[DATA FOR THIS TASK]
- - - - -

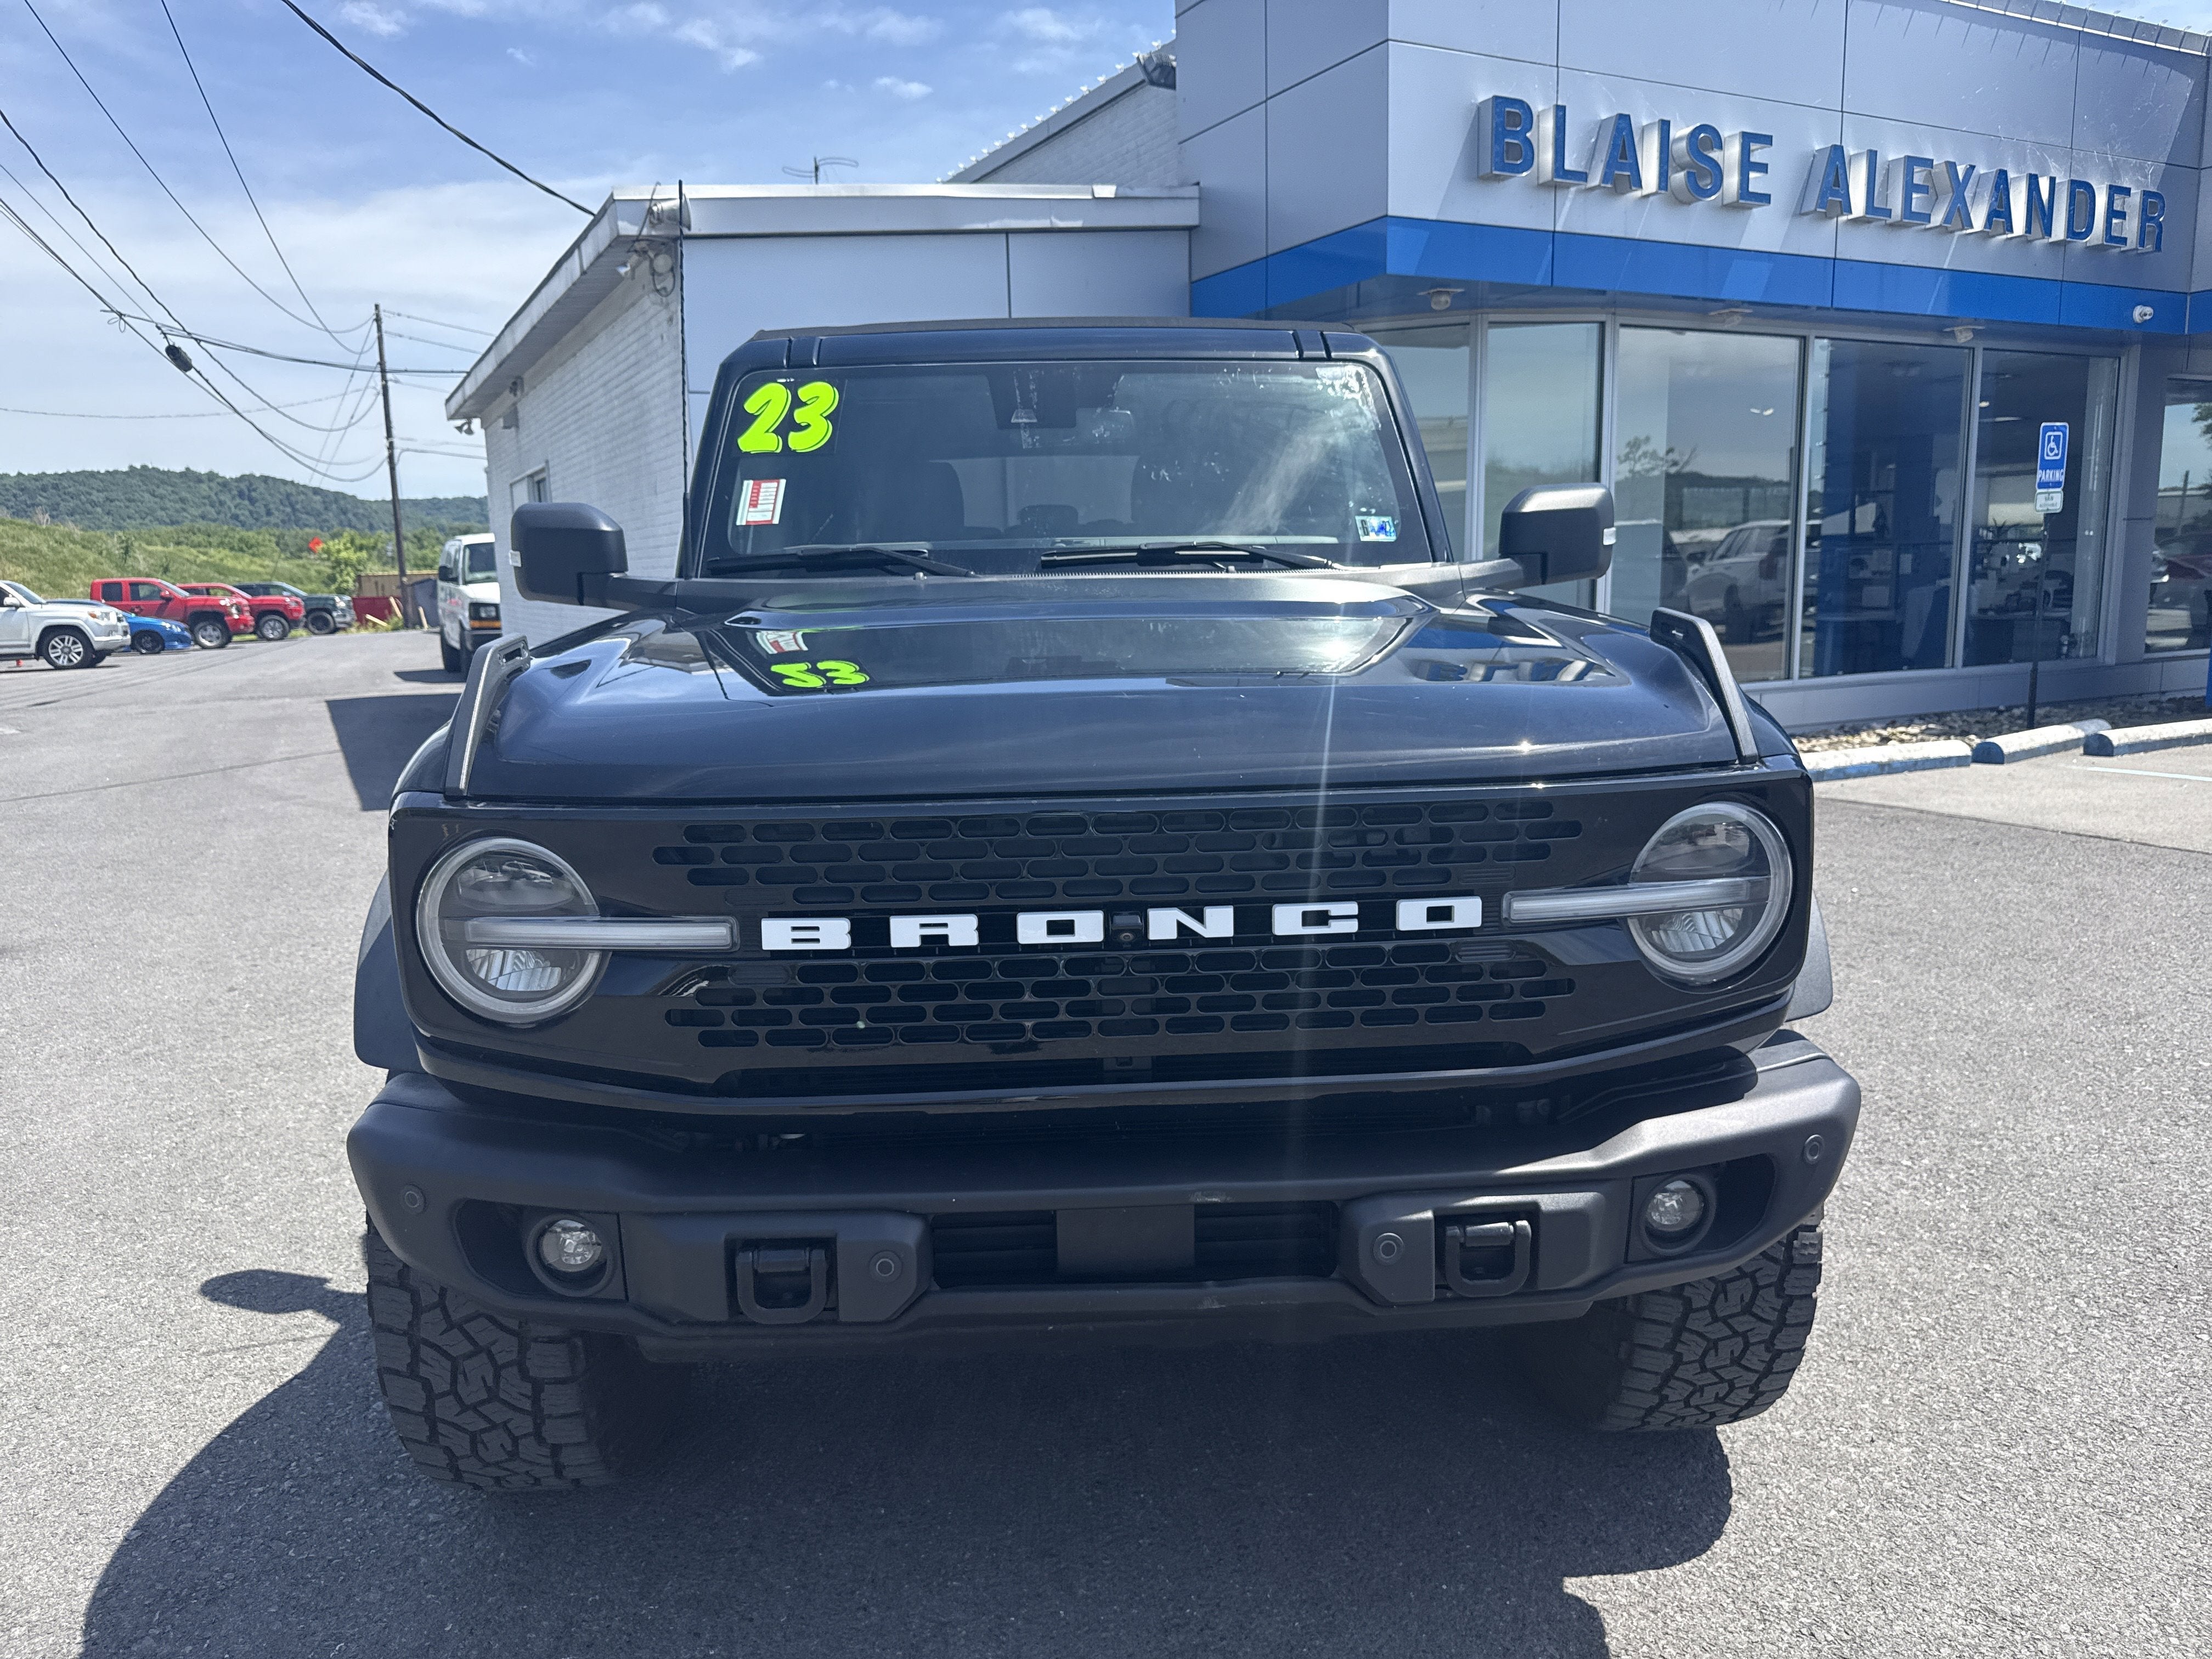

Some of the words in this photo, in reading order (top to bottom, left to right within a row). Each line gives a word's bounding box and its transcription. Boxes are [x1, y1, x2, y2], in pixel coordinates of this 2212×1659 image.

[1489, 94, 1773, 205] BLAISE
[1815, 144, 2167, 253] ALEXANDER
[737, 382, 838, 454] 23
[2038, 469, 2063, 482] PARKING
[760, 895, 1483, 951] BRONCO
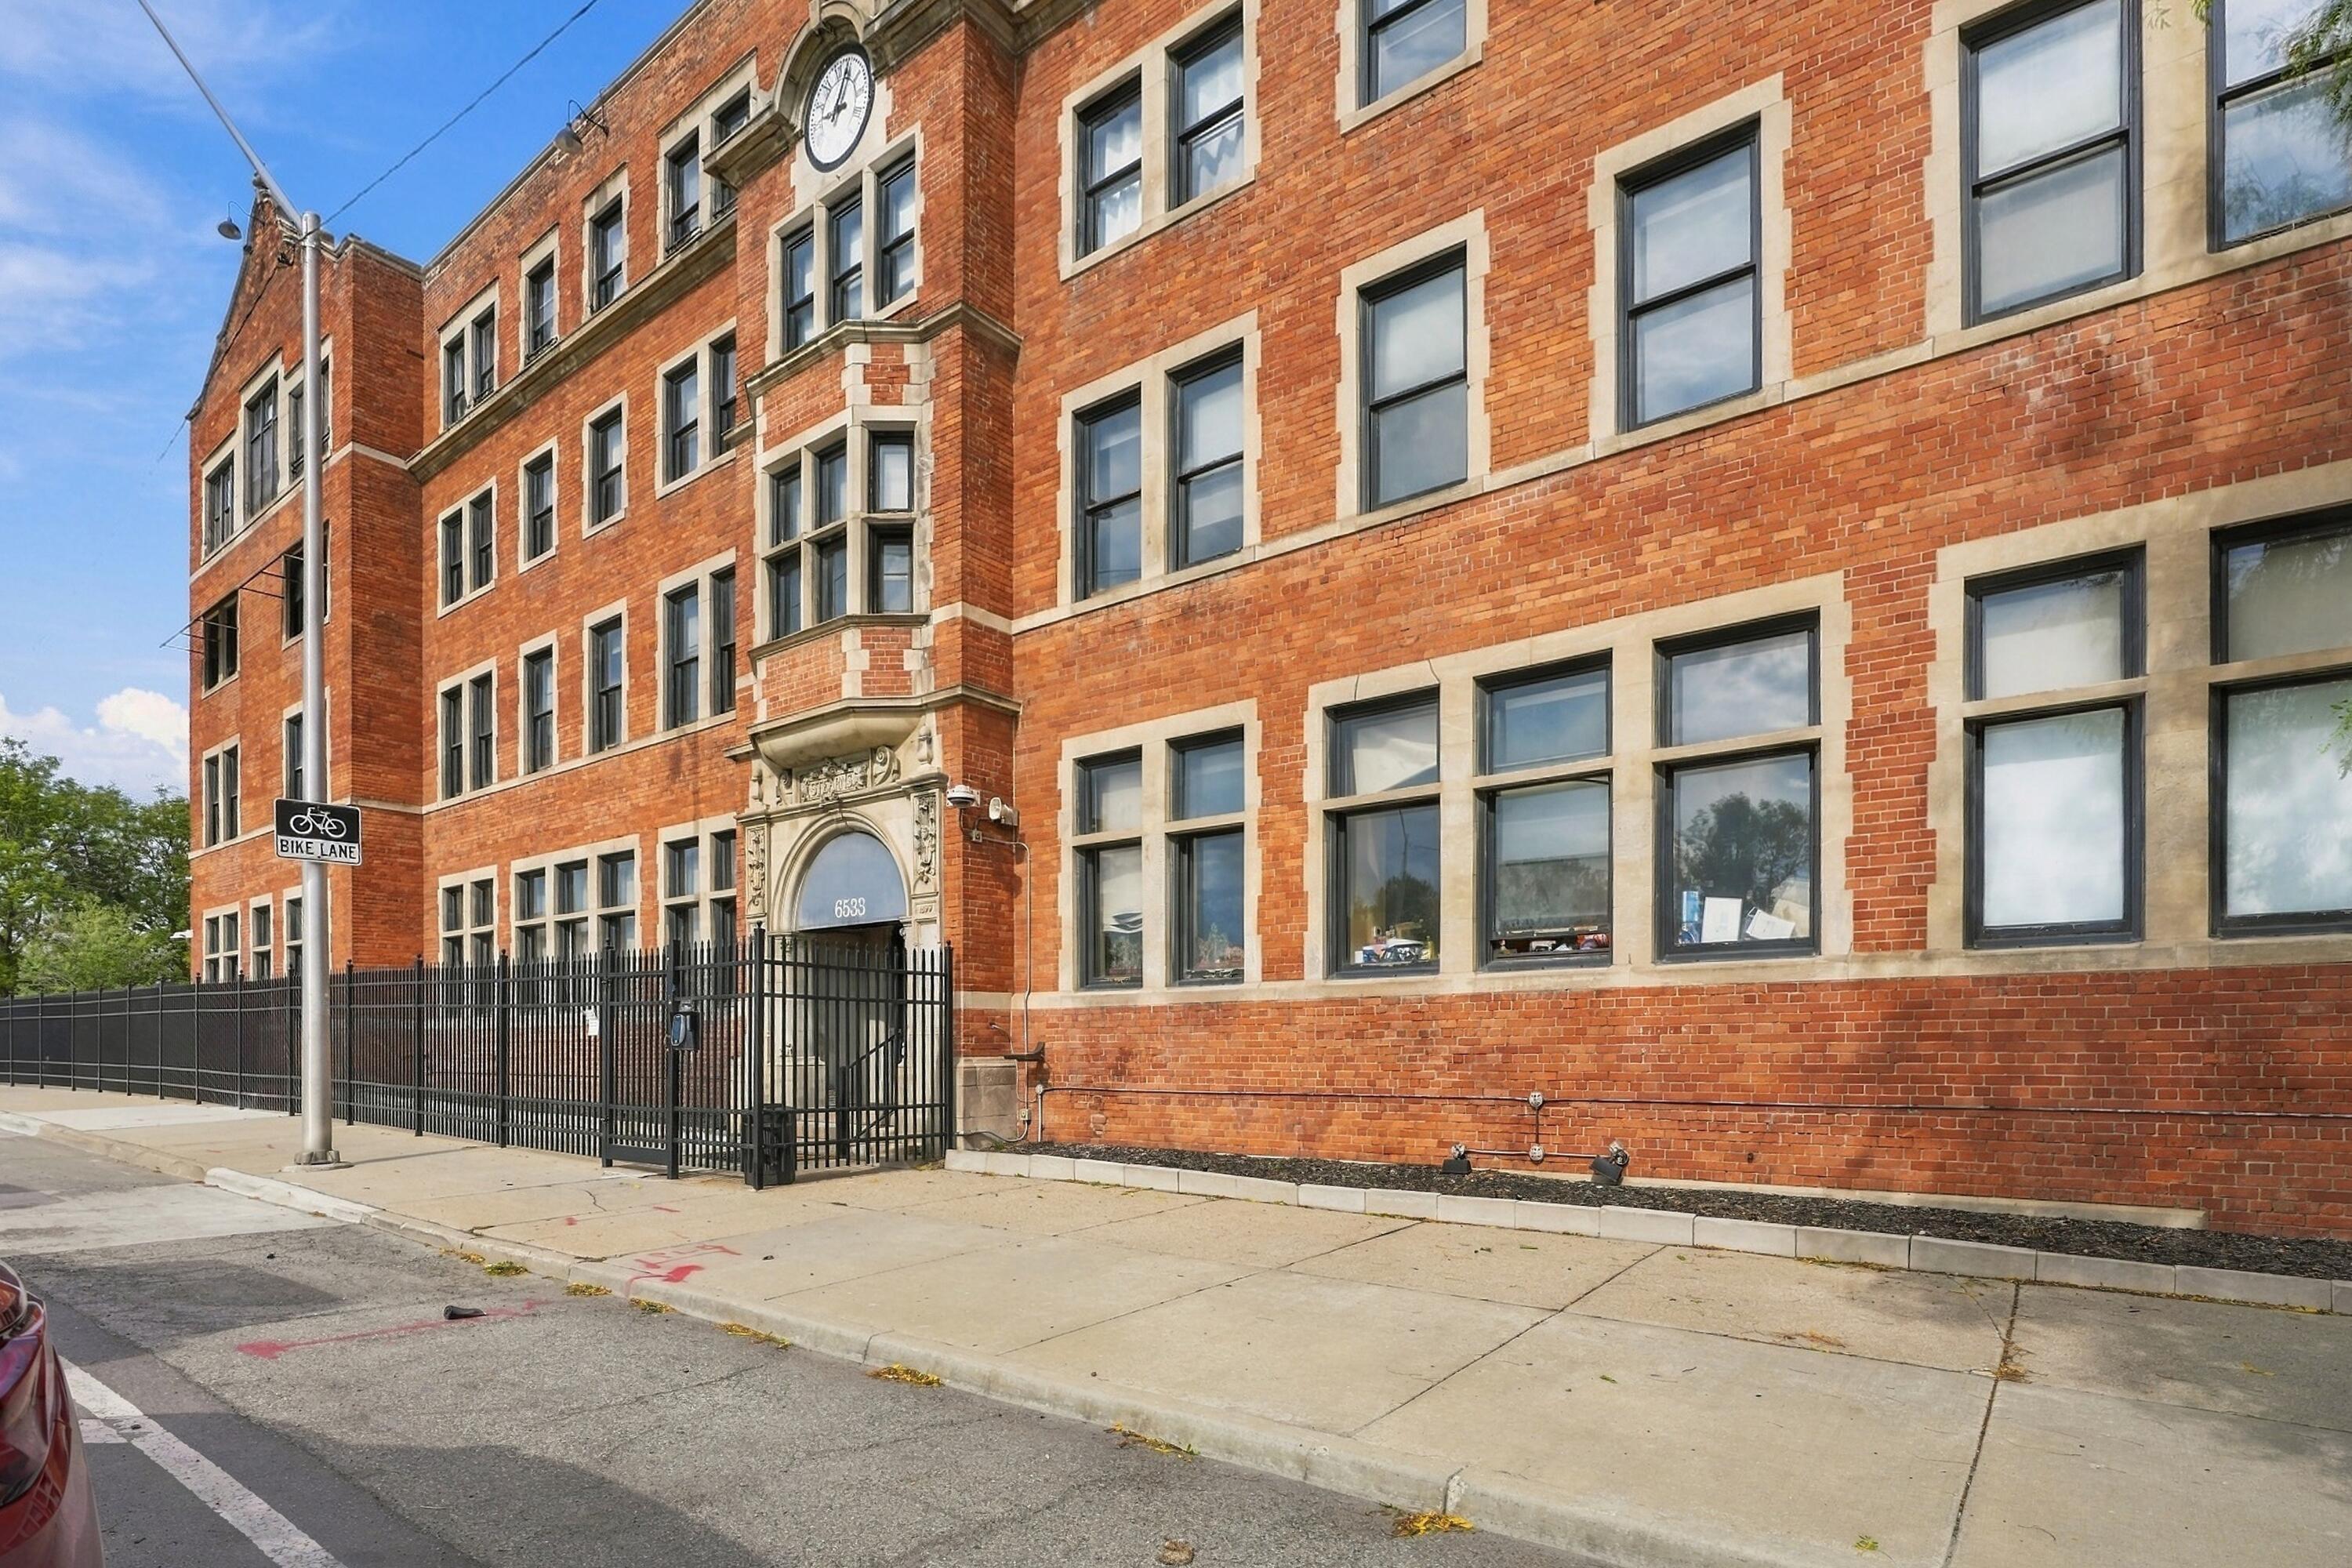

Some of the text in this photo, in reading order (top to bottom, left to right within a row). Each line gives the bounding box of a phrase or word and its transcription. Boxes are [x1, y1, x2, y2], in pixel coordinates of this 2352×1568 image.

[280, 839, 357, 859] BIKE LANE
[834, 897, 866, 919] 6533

- - - - -

[EXERCISE DETAILS]
Write out everything in the data word for word. Omit each picture.

[EXERCISE RESULT]
Some of the words in this photo, in reading order (top to bottom, left to right within a row). Each line gives a word's bounding box and its transcription. Boxes are [x1, y1, x2, y2], in pixel coordinates of this 2212×1659 image.

[1489, 94, 1773, 205] BLAISE
[1815, 144, 2167, 253] ALEXANDER
[737, 382, 838, 454] 23
[2038, 469, 2063, 482] PARKING
[760, 895, 1483, 951] BRONCO

Some of the text in this photo, in reading order (top to bottom, left to right within a row). Each line gives the bounding box of a phrase or word and its transcription. Boxes are [x1, y1, x2, y2], in pixel coordinates of this 2352×1568 image.

[280, 839, 357, 859] BIKE LANE
[834, 897, 866, 919] 6533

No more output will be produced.